A response: ‘Video games go to Washington’

I’d never heard of the Howard Dean video game before reading this article. I, like the designers of the game, pondered at first how to make a political video game that wouldn’t be seen as trivial but wouldn’t be seen as a tacky, desperate plea to voters, either. Though his campaign was unsuccessful, Dean demonstrated for future political candidates how technology could be used to advantage a campaign. Even technology normally existing outside the political realm, like video games, has a role to play.
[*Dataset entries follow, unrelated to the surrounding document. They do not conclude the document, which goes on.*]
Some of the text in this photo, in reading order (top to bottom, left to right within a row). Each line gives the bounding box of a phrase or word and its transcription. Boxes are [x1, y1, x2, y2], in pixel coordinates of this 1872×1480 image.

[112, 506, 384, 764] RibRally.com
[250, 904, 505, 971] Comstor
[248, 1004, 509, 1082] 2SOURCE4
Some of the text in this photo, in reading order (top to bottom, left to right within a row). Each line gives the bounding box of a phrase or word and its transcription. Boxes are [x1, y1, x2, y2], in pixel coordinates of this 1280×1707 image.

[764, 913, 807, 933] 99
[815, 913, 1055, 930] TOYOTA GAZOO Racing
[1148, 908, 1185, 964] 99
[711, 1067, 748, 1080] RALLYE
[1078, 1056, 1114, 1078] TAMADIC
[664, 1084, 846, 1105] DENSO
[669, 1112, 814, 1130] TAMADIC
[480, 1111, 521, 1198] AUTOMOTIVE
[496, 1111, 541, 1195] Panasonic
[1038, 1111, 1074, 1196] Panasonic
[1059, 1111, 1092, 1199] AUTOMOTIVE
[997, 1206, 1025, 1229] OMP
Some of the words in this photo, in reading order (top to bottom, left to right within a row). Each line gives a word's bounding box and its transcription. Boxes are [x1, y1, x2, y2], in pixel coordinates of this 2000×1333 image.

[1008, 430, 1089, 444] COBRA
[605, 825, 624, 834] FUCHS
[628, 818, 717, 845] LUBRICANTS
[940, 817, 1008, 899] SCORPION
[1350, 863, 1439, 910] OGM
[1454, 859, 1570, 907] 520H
The Dean video game points to, what in my estimation, is a broader infiltration of politics into institutions used for entertainment or recreation — institutions that used be free from politics. I tend to view politics — at least the images politicians hope to project — as traditional, professional and stately. It seems a little odd that politicians and their campaigns would venture into the realm of video games, cell phone applications and so on. But it’s happened.

And while I tend to associate video games and cell phone applications as frivolous or entertainment-based, they also have qualities that make them powerful political tools capable of swinging an election one way or another. The more I think of it, that political campaigns employ this new technology isn’t odd at all. There was a time when newspapers were news, and then came a time when they were first used by political campaigns to convey messages. There was a time when TV was new, and then came a time when political campaigns recognized the opening TV presented for advertising and public appearances that could advance the interests of a candidate. It makes sense video games would follow a similar path.

A couple characteristics of the Dean video game stick out in my mind. First, the game focused not on partisan politics but on the strength and influence of grassroots efforts. On the other side of the spectrum, I imagine an action game in which Dean attempts to take over the White House, sparing the country from the policies of the Bush administration. I think the Dean campaign was wise in its design of the game and its premise.

Second, it’s interesting the Dean campaign picked a promise rooted in civic duty and grassroots efforts. The game was able to show the ability of grassroots efforts to multiply; if you reach out to two people, they might reach out to two people and so on. The game also was entrenched in real time, counting down to the Iowa Caucus. This alerted players as to the date of the caucus, an aspect of the game that worked to eliminate the ignorance and indifference that some cite as reasons for low turnout. In this way, the game served a public good.